Lena Pareto is driven by a desire to make the world better with the help of technology. But to do that, you have to be curious, she says. – My role model is Astrid Lindgren’s “Rumpnissar” (Rumphobs) who constantly ask “Vaffor då då?” (Why’s that then?). But I also want to convey the beauty of mathematics. Those who think maths is boring should talk to some mathematicians. Their fascination is not about counting very complex numbers, but about
mathematics being the logic we use, bit by bit, to build the world. Yet the very basis of all mathematics is a number of axioms that we can only accept; if a single one of them falls, the whole of mathematics falls as we understand it and have understood it for a long time.
Two small bright red ibises with long, curved beaks have come very close and are looking at us. This makes Lena Pareto talk about her second great interest, after mathematics: nature.
– You have to have a different pace in your life, it’s not possible to hurry and rush around constantly . I live with my partner on a farm on Orust and have acquired a Dutch Warmblood, among other things. I love riding, skiing and diving but also to just be out in nature and swim in forest lakes. Due to hip problems I previously had difficulty doing everything I wanted to do, but now I have had two hip replacements and most things are possible again.

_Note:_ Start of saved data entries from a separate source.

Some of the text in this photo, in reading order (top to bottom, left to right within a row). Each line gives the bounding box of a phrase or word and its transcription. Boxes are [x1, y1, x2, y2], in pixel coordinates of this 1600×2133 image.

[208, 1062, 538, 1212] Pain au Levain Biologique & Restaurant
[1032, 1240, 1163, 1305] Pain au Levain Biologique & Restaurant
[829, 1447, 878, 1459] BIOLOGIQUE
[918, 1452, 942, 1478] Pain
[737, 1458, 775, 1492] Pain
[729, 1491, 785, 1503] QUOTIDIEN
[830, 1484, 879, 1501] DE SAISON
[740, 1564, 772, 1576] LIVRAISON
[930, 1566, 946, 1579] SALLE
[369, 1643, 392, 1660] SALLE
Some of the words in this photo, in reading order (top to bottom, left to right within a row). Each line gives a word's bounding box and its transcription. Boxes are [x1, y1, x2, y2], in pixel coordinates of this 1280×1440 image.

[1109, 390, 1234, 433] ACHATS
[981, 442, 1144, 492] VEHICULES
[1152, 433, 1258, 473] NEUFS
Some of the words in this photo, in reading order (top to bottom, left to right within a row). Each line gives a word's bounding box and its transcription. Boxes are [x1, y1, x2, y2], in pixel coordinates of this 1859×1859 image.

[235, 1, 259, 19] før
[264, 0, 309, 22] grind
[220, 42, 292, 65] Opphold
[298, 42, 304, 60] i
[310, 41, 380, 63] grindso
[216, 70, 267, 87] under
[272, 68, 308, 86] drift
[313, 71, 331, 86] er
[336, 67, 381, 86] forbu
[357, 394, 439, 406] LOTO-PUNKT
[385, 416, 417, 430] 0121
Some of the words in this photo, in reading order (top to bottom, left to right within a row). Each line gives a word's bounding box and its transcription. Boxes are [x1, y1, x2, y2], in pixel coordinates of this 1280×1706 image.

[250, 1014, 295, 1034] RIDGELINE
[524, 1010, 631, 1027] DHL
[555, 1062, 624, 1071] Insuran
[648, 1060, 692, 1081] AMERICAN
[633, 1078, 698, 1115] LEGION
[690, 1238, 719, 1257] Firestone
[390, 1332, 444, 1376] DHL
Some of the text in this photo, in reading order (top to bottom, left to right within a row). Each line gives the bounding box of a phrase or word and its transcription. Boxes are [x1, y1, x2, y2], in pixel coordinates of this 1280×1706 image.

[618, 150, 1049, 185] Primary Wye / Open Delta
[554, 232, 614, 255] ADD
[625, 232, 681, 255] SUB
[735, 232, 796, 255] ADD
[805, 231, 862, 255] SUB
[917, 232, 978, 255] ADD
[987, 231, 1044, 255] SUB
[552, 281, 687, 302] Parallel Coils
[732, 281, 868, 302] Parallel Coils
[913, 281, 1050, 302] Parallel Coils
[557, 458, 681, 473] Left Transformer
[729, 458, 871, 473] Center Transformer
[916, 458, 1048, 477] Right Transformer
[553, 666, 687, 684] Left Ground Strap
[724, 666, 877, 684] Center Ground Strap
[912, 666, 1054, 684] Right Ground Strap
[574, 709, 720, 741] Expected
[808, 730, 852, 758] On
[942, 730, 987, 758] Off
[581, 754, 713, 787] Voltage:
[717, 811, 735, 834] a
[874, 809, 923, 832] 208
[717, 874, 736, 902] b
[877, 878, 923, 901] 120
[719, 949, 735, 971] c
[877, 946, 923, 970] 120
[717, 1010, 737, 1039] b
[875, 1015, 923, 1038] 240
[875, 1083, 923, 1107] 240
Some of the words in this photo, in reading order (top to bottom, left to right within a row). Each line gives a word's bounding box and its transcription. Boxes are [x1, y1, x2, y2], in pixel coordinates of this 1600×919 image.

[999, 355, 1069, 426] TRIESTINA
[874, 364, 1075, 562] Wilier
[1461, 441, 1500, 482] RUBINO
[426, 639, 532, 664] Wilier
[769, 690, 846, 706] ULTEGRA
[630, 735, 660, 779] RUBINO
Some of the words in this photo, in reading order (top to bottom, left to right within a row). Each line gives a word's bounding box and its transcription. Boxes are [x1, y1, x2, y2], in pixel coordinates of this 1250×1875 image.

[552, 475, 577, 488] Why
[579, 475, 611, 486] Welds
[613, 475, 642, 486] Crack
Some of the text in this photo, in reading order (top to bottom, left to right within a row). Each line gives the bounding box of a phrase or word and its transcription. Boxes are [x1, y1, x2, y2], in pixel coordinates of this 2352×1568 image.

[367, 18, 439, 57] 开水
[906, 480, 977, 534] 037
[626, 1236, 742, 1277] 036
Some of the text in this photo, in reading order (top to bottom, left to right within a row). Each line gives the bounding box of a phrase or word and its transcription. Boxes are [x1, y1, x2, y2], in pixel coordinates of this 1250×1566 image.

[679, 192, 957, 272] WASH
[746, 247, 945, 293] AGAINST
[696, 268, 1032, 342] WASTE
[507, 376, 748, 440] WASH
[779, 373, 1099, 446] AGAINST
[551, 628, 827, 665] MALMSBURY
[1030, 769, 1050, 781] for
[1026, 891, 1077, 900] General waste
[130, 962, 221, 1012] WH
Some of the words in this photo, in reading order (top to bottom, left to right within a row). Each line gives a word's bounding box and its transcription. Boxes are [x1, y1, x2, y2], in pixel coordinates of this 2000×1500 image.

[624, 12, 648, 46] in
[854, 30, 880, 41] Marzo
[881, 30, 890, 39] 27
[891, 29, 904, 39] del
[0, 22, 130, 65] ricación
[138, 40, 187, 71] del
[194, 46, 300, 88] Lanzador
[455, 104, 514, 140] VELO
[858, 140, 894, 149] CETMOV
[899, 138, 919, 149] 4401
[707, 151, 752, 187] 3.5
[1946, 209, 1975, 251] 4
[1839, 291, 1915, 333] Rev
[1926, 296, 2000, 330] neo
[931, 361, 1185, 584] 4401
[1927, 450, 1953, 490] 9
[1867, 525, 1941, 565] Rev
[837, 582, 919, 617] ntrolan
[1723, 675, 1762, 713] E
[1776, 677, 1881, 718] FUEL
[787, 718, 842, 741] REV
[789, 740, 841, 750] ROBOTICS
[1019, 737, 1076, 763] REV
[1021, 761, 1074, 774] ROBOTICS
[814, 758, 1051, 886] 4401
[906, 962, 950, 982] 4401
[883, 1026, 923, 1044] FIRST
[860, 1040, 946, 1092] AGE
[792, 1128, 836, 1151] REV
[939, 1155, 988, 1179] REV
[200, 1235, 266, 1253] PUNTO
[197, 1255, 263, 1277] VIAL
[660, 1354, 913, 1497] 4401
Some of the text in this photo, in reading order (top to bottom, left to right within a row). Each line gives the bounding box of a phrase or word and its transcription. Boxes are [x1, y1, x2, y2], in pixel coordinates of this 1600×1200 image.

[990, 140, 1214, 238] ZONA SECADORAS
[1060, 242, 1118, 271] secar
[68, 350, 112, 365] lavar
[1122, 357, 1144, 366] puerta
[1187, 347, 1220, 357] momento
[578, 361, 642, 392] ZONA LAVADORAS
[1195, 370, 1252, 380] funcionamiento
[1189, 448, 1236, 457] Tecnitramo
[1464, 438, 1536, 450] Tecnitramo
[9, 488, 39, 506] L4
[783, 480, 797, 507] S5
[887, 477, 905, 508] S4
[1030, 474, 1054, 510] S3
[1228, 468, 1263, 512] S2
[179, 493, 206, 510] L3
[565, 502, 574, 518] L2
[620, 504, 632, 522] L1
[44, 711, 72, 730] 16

Lena Pareto previously also enjoyed travelling, but that desire has waned. – The best thing about traveling is to come home and realize that the place where you live is actually the nicest in the whole world. Being on Orust when it is really windy and at the same time raining a little is the best way to empty your head – but the island is its most beautiful at sunset in the summer.
LENA PARETO
Lena Pareto
Currently: New Professor of Pedagogy who will collaborate with the Universeum initiative on data visualization. Family: Partner and daughter. Lives: On Orust. Most recently read book: Lucinda Riley: The Shadow sister. Most recently watched film: Hunger Games 4. Other hobbies: Horses, riding, hiking and biking in nature and mountains, skiing, kayaking.